- _Material for the task_:
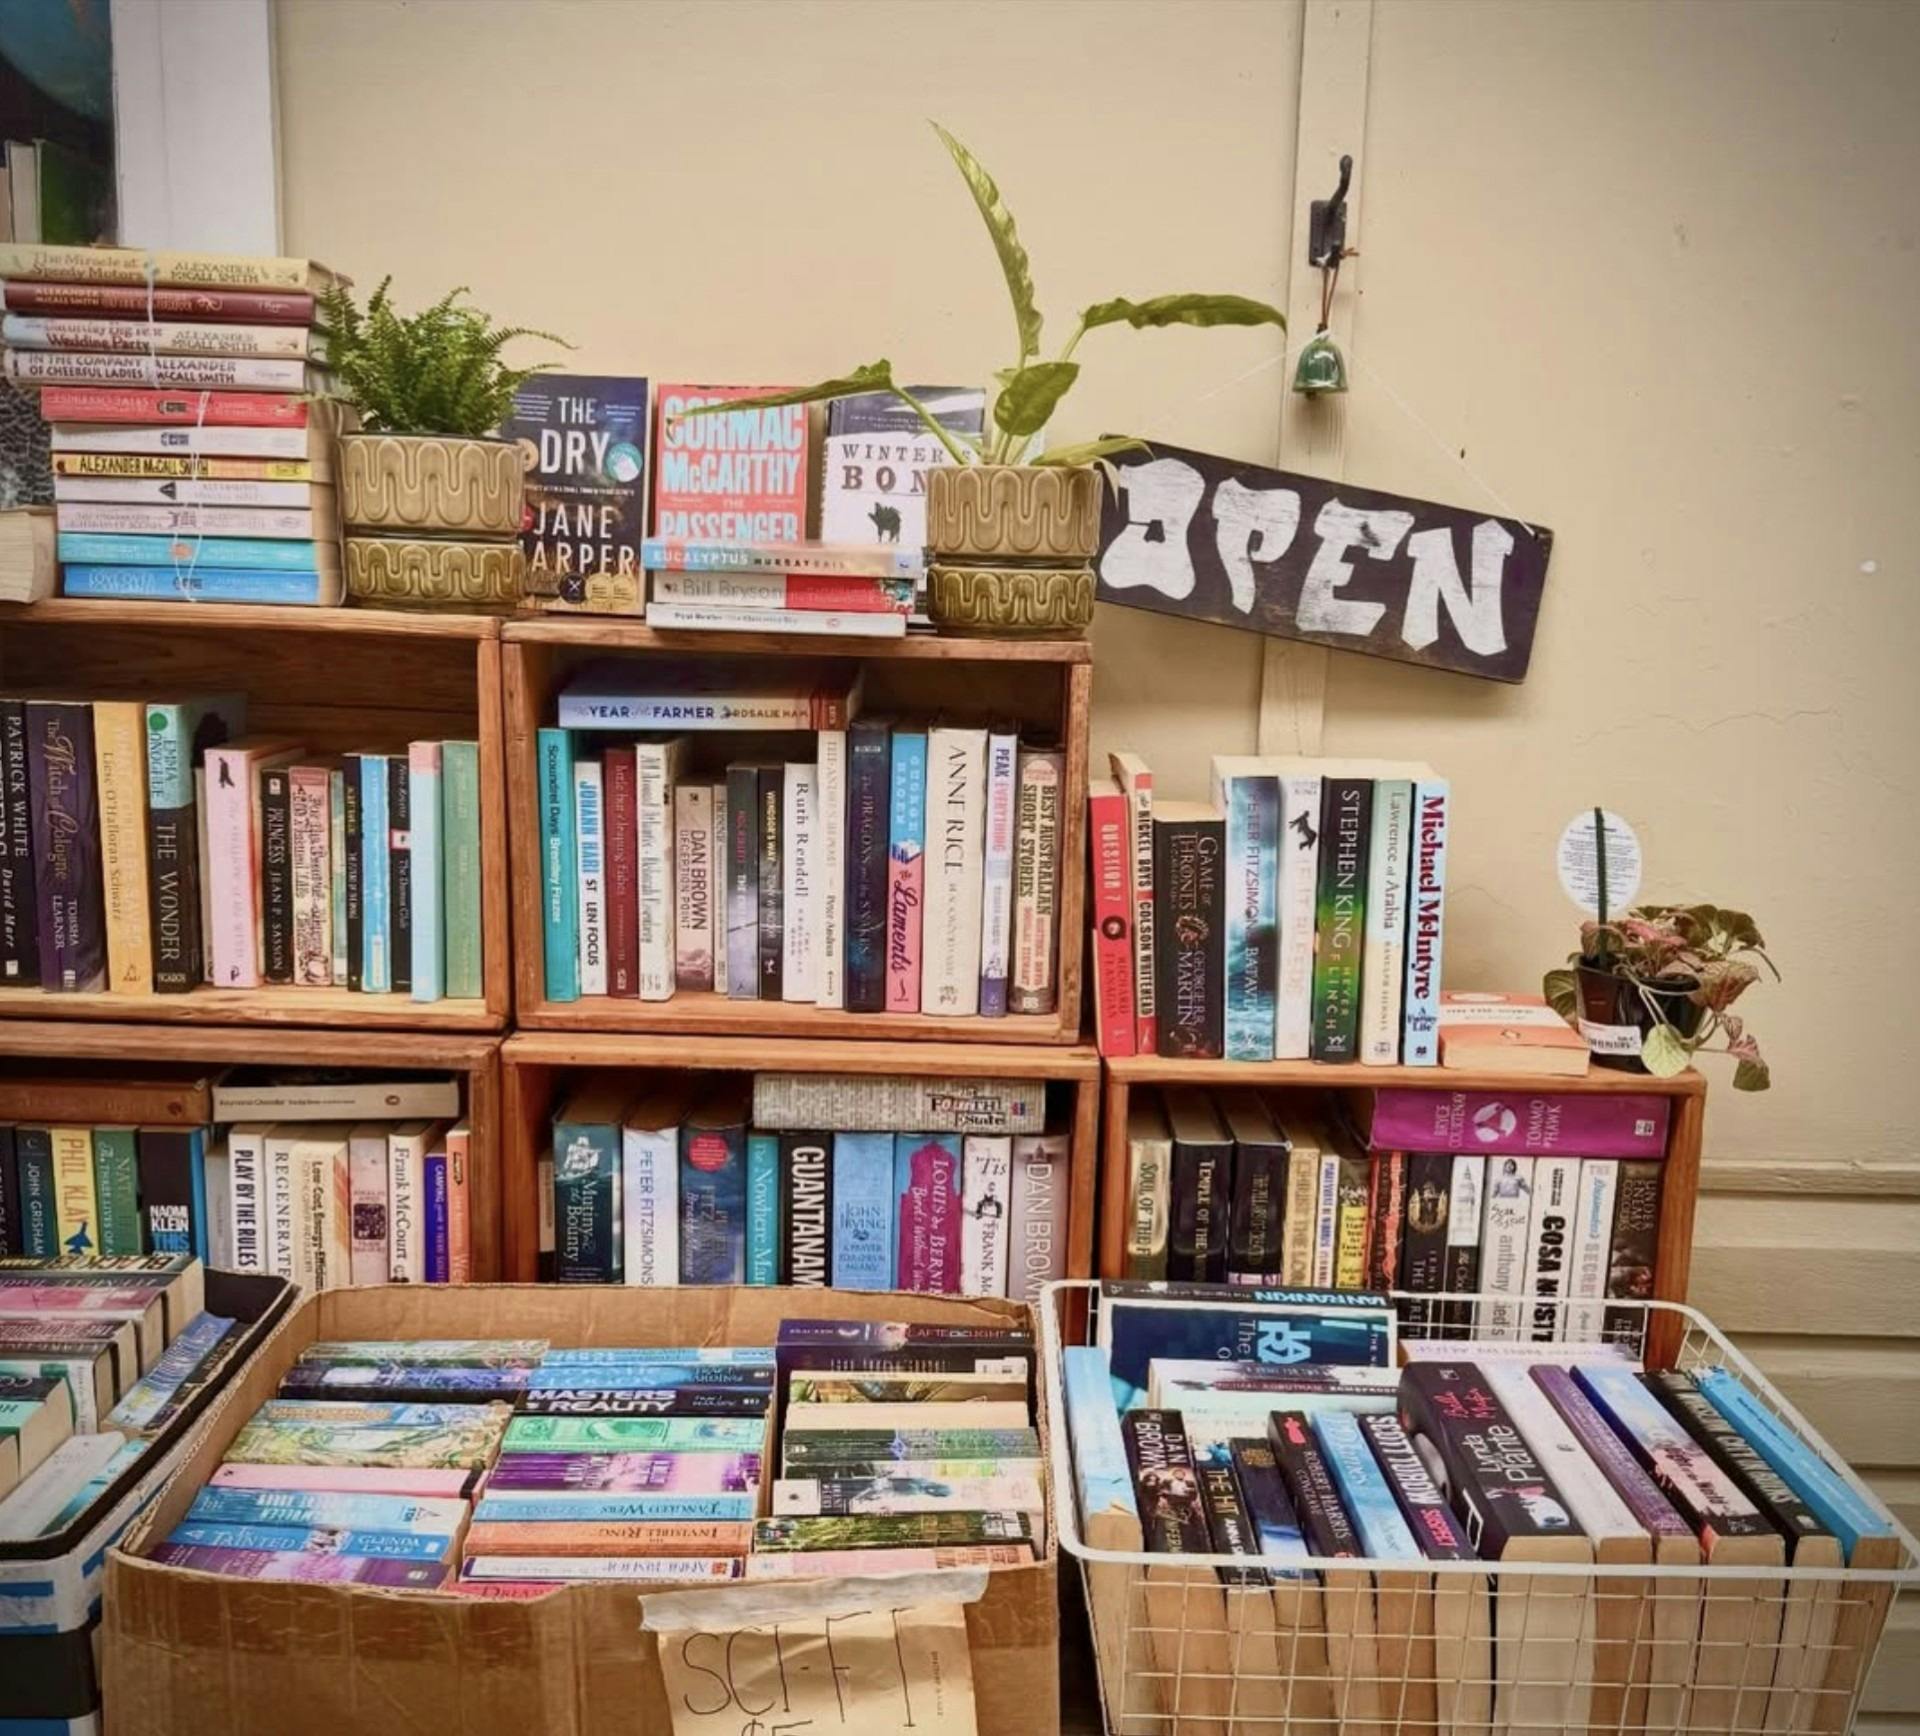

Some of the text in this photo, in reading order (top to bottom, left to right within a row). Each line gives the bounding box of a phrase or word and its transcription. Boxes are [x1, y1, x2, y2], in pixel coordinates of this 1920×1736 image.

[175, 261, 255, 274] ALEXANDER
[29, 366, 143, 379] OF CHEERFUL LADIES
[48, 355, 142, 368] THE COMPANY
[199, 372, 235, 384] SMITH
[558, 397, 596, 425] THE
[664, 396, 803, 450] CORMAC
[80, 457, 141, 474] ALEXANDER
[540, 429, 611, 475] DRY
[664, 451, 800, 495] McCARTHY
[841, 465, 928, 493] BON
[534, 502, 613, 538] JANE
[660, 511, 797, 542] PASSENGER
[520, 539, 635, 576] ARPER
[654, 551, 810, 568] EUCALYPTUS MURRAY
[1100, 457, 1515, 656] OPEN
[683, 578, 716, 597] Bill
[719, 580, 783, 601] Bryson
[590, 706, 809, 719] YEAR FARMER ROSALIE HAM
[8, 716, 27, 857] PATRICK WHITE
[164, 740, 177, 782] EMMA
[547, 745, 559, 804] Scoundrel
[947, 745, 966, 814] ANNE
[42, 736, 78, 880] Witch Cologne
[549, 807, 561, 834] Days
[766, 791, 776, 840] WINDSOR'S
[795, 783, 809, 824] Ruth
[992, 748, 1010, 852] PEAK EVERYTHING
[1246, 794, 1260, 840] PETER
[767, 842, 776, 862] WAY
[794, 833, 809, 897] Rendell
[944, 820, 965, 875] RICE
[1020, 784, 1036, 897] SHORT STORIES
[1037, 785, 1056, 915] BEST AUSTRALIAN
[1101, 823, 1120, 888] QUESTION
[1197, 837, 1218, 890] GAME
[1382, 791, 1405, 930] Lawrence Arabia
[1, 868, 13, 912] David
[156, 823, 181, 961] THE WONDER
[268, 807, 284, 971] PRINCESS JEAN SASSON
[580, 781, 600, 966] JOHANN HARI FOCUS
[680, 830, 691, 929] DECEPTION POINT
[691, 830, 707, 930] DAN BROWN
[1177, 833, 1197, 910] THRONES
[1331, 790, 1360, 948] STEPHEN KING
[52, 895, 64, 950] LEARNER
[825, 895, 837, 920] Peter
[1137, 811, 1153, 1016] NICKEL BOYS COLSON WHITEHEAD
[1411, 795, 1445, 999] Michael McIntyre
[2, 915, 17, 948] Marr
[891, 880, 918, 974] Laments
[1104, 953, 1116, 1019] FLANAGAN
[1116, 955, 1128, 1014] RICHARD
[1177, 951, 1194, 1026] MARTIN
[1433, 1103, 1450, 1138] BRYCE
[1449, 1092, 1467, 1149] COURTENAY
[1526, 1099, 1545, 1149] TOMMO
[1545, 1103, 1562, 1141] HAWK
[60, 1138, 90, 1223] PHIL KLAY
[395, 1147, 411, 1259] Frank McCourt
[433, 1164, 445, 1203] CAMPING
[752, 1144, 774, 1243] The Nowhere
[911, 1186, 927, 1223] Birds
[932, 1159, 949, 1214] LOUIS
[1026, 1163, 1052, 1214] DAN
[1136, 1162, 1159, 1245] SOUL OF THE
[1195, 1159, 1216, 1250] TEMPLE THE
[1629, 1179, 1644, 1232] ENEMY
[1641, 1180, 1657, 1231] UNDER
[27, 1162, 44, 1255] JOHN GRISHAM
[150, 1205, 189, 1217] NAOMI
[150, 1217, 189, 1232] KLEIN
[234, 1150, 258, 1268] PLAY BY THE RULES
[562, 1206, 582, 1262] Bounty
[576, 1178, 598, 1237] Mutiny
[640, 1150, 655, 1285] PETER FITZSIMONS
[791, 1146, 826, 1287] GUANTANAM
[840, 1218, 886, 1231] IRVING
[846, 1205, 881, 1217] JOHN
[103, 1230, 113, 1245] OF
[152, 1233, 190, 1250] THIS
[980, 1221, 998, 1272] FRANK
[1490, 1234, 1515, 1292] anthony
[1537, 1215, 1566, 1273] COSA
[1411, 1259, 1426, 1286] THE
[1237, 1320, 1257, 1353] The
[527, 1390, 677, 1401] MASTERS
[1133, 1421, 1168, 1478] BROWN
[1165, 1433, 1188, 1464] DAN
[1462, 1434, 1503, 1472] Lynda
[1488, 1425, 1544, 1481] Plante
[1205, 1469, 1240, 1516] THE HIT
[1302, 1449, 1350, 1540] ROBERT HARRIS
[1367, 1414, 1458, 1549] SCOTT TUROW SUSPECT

- _Work request_:
Repeat the material above word for word; no images go in the copy.

- _Response to the task_:
Some of the text in this photo, in reading order (top to bottom, left to right within a row). Each line gives the bounding box of a phrase or word and its transcription. Boxes are [x1, y1, x2, y2], in pixel coordinates of this 1920×1736 image.

[175, 261, 255, 274] ALEXANDER
[29, 366, 143, 379] OF CHEERFUL LADIES
[48, 355, 142, 368] THE COMPANY
[199, 372, 235, 384] SMITH
[558, 397, 596, 425] THE
[664, 396, 803, 450] CORMAC
[80, 457, 141, 474] ALEXANDER
[540, 429, 611, 475] DRY
[664, 451, 800, 495] McCARTHY
[841, 465, 928, 493] BON
[534, 502, 613, 538] JANE
[660, 511, 797, 542] PASSENGER
[520, 539, 635, 576] ARPER
[654, 551, 810, 568] EUCALYPTUS MURRAY
[1100, 457, 1515, 656] OPEN
[683, 578, 716, 597] Bill
[719, 580, 783, 601] Bryson
[590, 706, 809, 719] YEAR FARMER ROSALIE HAM
[8, 716, 27, 857] PATRICK WHITE
[164, 740, 177, 782] EMMA
[547, 745, 559, 804] Scoundrel
[947, 745, 966, 814] ANNE
[42, 736, 78, 880] Witch Cologne
[549, 807, 561, 834] Days
[766, 791, 776, 840] WINDSOR'S
[795, 783, 809, 824] Ruth
[992, 748, 1010, 852] PEAK EVERYTHING
[1246, 794, 1260, 840] PETER
[767, 842, 776, 862] WAY
[794, 833, 809, 897] Rendell
[944, 820, 965, 875] RICE
[1020, 784, 1036, 897] SHORT STORIES
[1037, 785, 1056, 915] BEST AUSTRALIAN
[1101, 823, 1120, 888] QUESTION
[1197, 837, 1218, 890] GAME
[1382, 791, 1405, 930] Lawrence Arabia
[1, 868, 13, 912] David
[156, 823, 181, 961] THE WONDER
[268, 807, 284, 971] PRINCESS JEAN SASSON
[580, 781, 600, 966] JOHANN HARI FOCUS
[680, 830, 691, 929] DECEPTION POINT
[691, 830, 707, 930] DAN BROWN
[1177, 833, 1197, 910] THRONES
[1331, 790, 1360, 948] STEPHEN KING
[52, 895, 64, 950] LEARNER
[825, 895, 837, 920] Peter
[1137, 811, 1153, 1016] NICKEL BOYS COLSON WHITEHEAD
[1411, 795, 1445, 999] Michael McIntyre
[2, 915, 17, 948] Marr
[891, 880, 918, 974] Laments
[1104, 953, 1116, 1019] FLANAGAN
[1116, 955, 1128, 1014] RICHARD
[1177, 951, 1194, 1026] MARTIN
[1433, 1103, 1450, 1138] BRYCE
[1449, 1092, 1467, 1149] COURTENAY
[1526, 1099, 1545, 1149] TOMMO
[1545, 1103, 1562, 1141] HAWK
[60, 1138, 90, 1223] PHIL KLAY
[395, 1147, 411, 1259] Frank McCourt
[433, 1164, 445, 1203] CAMPING
[752, 1144, 774, 1243] The Nowhere
[911, 1186, 927, 1223] Birds
[932, 1159, 949, 1214] LOUIS
[1026, 1163, 1052, 1214] DAN
[1136, 1162, 1159, 1245] SOUL OF THE
[1195, 1159, 1216, 1250] TEMPLE THE
[1629, 1179, 1644, 1232] ENEMY
[1641, 1180, 1657, 1231] UNDER
[27, 1162, 44, 1255] JOHN GRISHAM
[150, 1205, 189, 1217] NAOMI
[150, 1217, 189, 1232] KLEIN
[234, 1150, 258, 1268] PLAY BY THE RULES
[562, 1206, 582, 1262] Bounty
[576, 1178, 598, 1237] Mutiny
[640, 1150, 655, 1285] PETER FITZSIMONS
[791, 1146, 826, 1287] GUANTANAM
[840, 1218, 886, 1231] IRVING
[846, 1205, 881, 1217] JOHN
[103, 1230, 113, 1245] OF
[152, 1233, 190, 1250] THIS
[980, 1221, 998, 1272] FRANK
[1490, 1234, 1515, 1292] anthony
[1537, 1215, 1566, 1273] COSA
[1411, 1259, 1426, 1286] THE
[1237, 1320, 1257, 1353] The
[527, 1390, 677, 1401] MASTERS
[1133, 1421, 1168, 1478] BROWN
[1165, 1433, 1188, 1464] DAN
[1462, 1434, 1503, 1472] Lynda
[1488, 1425, 1544, 1481] Plante
[1205, 1469, 1240, 1516] THE HIT
[1302, 1449, 1350, 1540] ROBERT HARRIS
[1367, 1414, 1458, 1549] SCOTT TUROW SUSPECT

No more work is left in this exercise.